Sweet iron – an alloy prized for the mouthpiece of bridle bits. Sweet iron – tempered and sweetened by the heat of the horse’s mouth. Sweet iron- people shaped by the hard and the sweet of the American West. In this innovative work, Linda Hussa blends oral history, storytelling, and poetry to evoke the complexity of one westerner’s life.
Henry Elijah (Lige) Langston, a buckaroo and rawhide braider, was born in 1908 on a homestead in the isolated outback of the Great Basin. Lige worked on ranches in northeastern California and northwestern Nevada, a region known as the Sagebrush Corner. His life was made iron by the cold-blooded desert horses he broke and rode. His life was shaped sweet by the women who tried to change him.
At the heart of the book, Lige’s own words, direct, earthy, reveal the character of the man. Around this core Hussa tells her own story as an outsider who found a home in the Great Basin and weaves the testimony of others who shared a lifetime friendship with Lige. The resulting tapestry of voices reflects the fine braiding from Lige’s hands: “Black over sorrel, grey over black, sorrel over grey, over black again.”
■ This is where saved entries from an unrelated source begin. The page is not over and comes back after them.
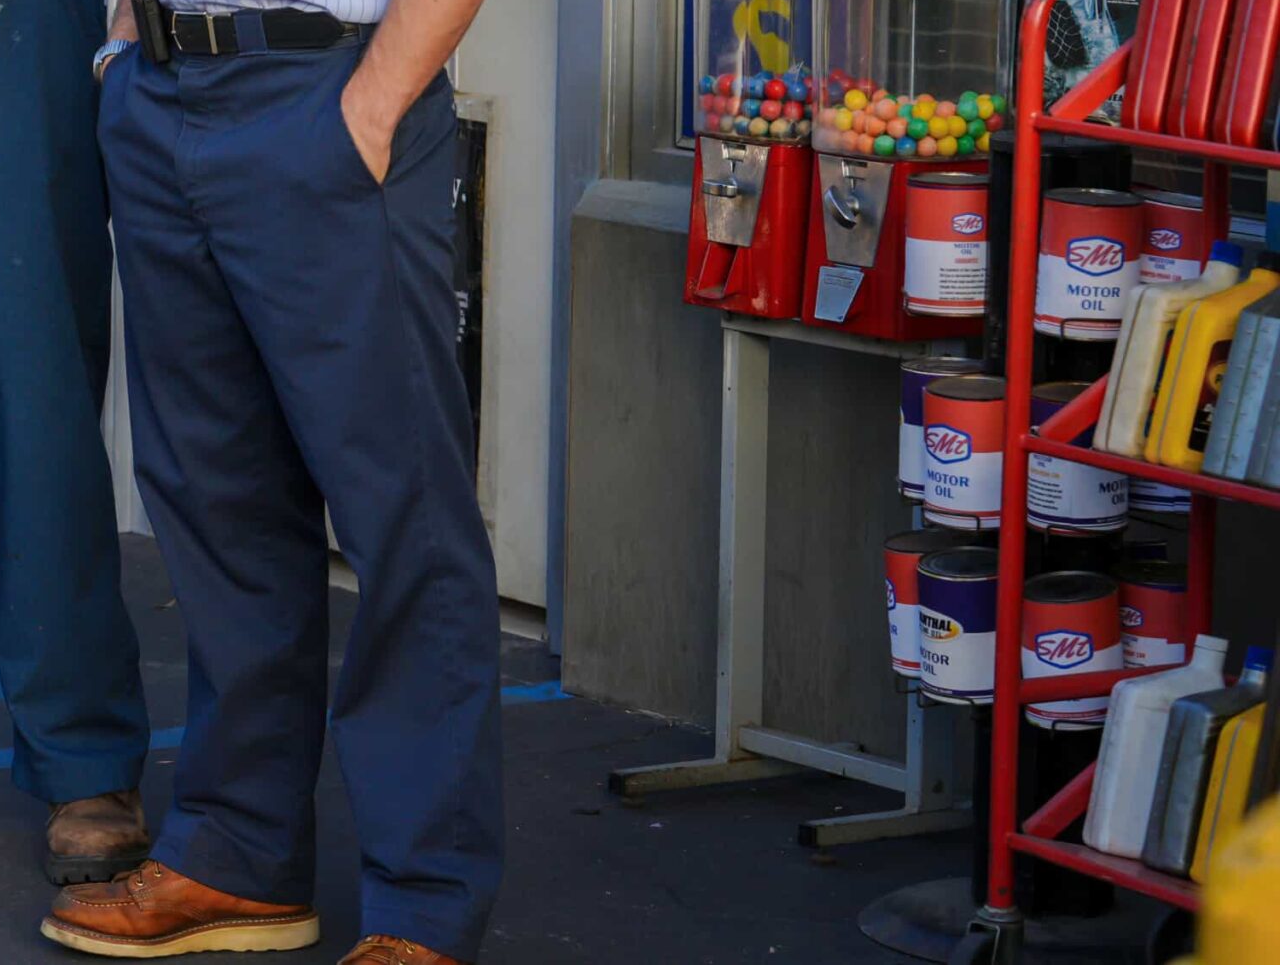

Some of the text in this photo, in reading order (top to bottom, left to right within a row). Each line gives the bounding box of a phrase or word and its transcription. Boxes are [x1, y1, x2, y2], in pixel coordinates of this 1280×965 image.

[1068, 285, 1120, 298] MOTOR
[1081, 299, 1105, 311] OIL
[927, 468, 969, 487] MOTOR
[935, 485, 955, 499] OIL
[923, 661, 937, 675] OIL
Lige Langston: Sweet Iron is Volume 4 in the Literature of the American West series, published by University of Oklahoma Press. The following is excerpted from pages 81-83:
In 1926 Mom heard that Neill West, owner of the TH Ranch three miles southeast of Sparks, was hiring wranglers. She asked me if I would be interested in inquiring about the job. I was.
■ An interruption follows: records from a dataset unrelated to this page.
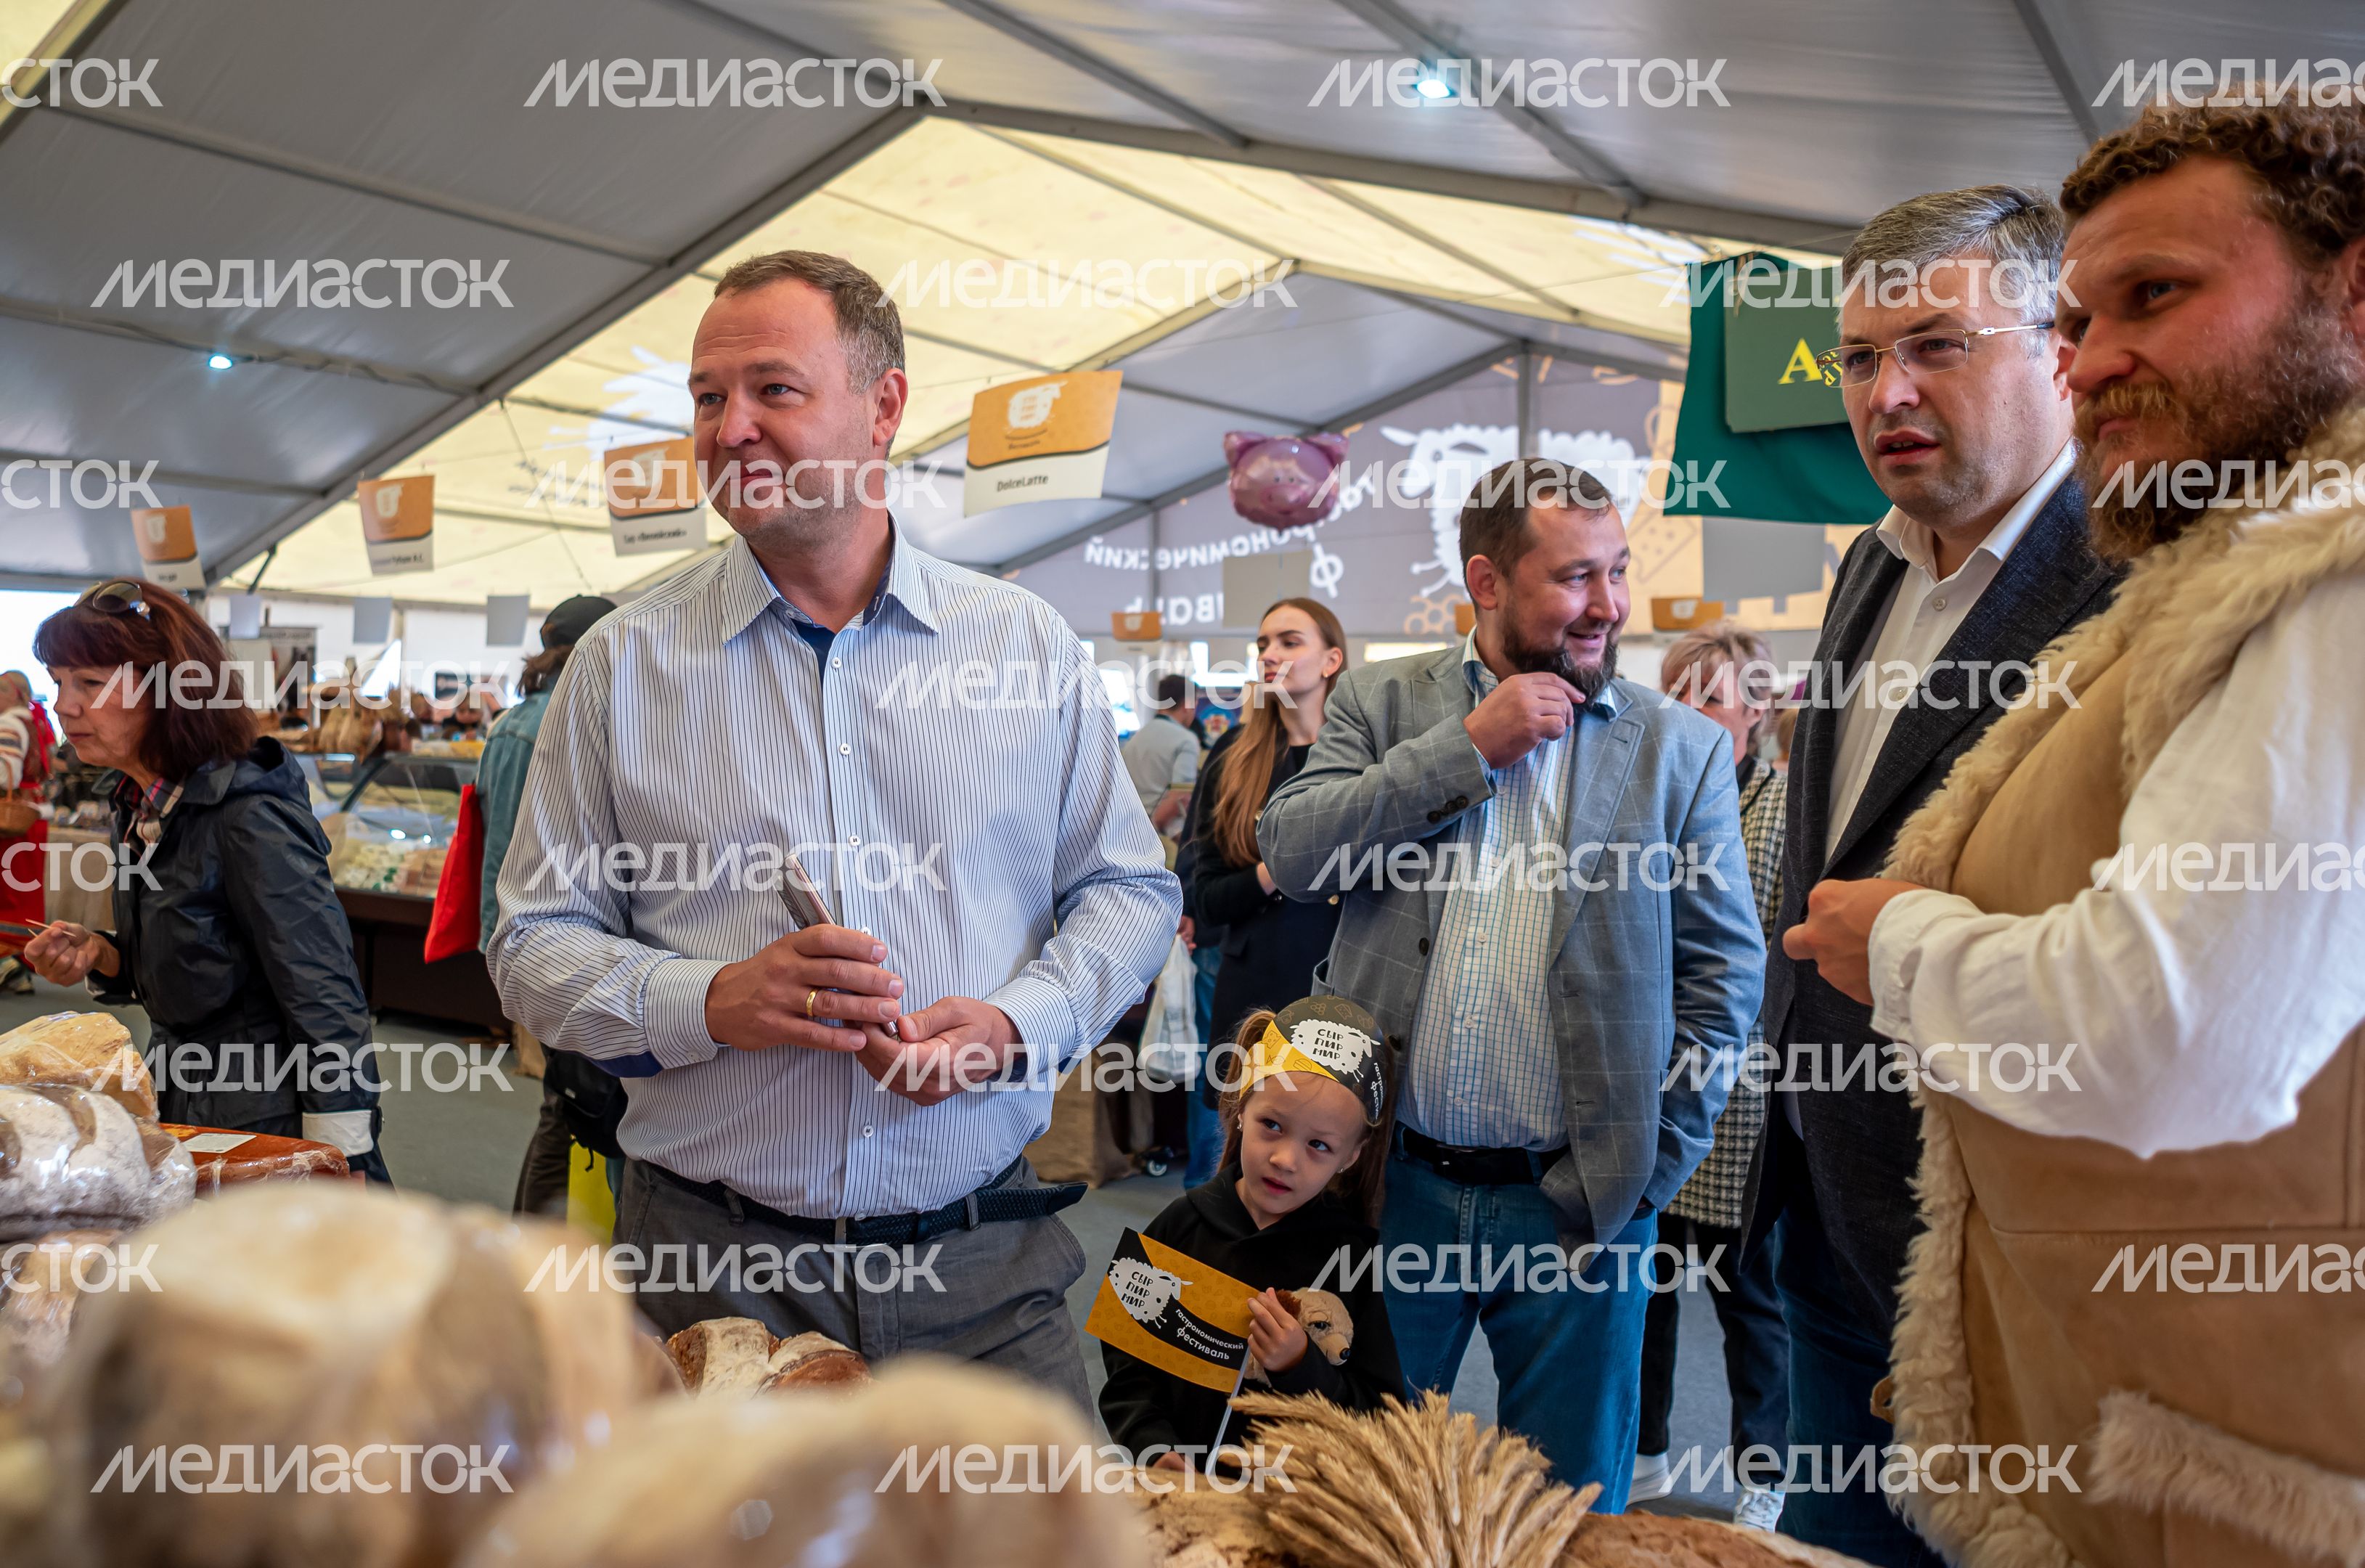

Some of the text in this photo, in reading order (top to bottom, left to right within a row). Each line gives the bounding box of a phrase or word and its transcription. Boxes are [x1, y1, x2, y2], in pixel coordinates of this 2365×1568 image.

[1317, 1028, 1344, 1041] СЫР
[1314, 1037, 1344, 1051] ПИР
[1312, 1048, 1341, 1060] МИР
[1131, 1270, 1154, 1286] СЫР
[1125, 1281, 1151, 1298] ПИР
[1121, 1293, 1145, 1309] МИР
[1175, 1308, 1245, 1350] гастрономический
[1176, 1327, 1230, 1360] фестиваль
West supplied horses for the divorce dude ranch trade as well for his summer camps at both Lake Tahoe and Lake Donner. I jumped at a chance to ditch my delivery bike and go back to work on a ranch with horses. That was where I met Bud Blundell and Paul Fite. West had just bought sixty head of good saddle horses to supply his dude business. Short, Shaska West, and Paul were shoeing the cavvy when I hired on. That first year I worked in the shop or ran errands, whatever there was to do. I didn’t have too much to do with the horses. I just ran the forge. Shaska and Paul did all the fittin’ of the shoes.
One day old West told me, If you’ll stay here and hay for me this summer, I’ll give you a vacation on pay. I didn’t care what I was doin’, as long as I had a job, so I told him that was fine. I drove a team of mules on a rake. Gin and Red, two sorrel mules. Boy, they was goers, I tell you.
But when I finished the hayin’ West sent me up to the girls’ camp on the west shore of Lake Tahoe to pick up a horse that had been giving ’em trouble. He was a big bay horse with a white face that run around on his jaws and he was a son of a gun too shy. I guess he’d probably whirled out from under some of the girls so West sent me up there on another horse to trade and rode the back horseback. He was a pretty bugger too, but he’s see something goin’ down the road and you’d be headed back the other way pretty darned quick.
They was havin’ a rodeo at Lake Tahoe when I come by. A regular rodeo, a big one. West furnished all the horses, so of course Bud and Paul were there. That Paul was a ripper. He’s ride broncos and look back over his shoulder at the crowd, all around over the fence, smilin’, never look at his horse at all, and ride that bugger to a frazzle.
Bud had his little gray horse, Danny, entered in the stake racer. There was probably eight horses in that race. Quite a bunch of ’em lined up, I know, I think every horse in he race could have outrun Danny, but boy when he got to that stake, he’d just drag Bud’s leg on the stake gettin’ around it. He was about halfway back before the others got stopped. Won it both days plumb easy.
Anyway, after the rodeo was over Bud and I had to take the horses down the road a mile or so and put ’em in a pasture. Bud grabbed an old pinto horse out of the bunch, jumped on him bareback, and rode along with us, no bridle or nothin’. When we got out to the highway most of the horses had started down the road and we was comin’ along behind. This big limousine, as long as a barn, comes up the highway and stops to let the horses go by. There was four ladies in the thing. Had the top folded back, class outfit. That darned Paul seen ’em and just made a beeline for that big car. He run that pinto horse right into the side of the car and when he horse slid to a stop Paul flew right over his head and right into the ladies’ laps. The horse trotted along with the bunch and Paul stayed right there in the car. A course, he was a good-lookin’ guy and had a good line, too. I guess those ladies got quite a kick out of him.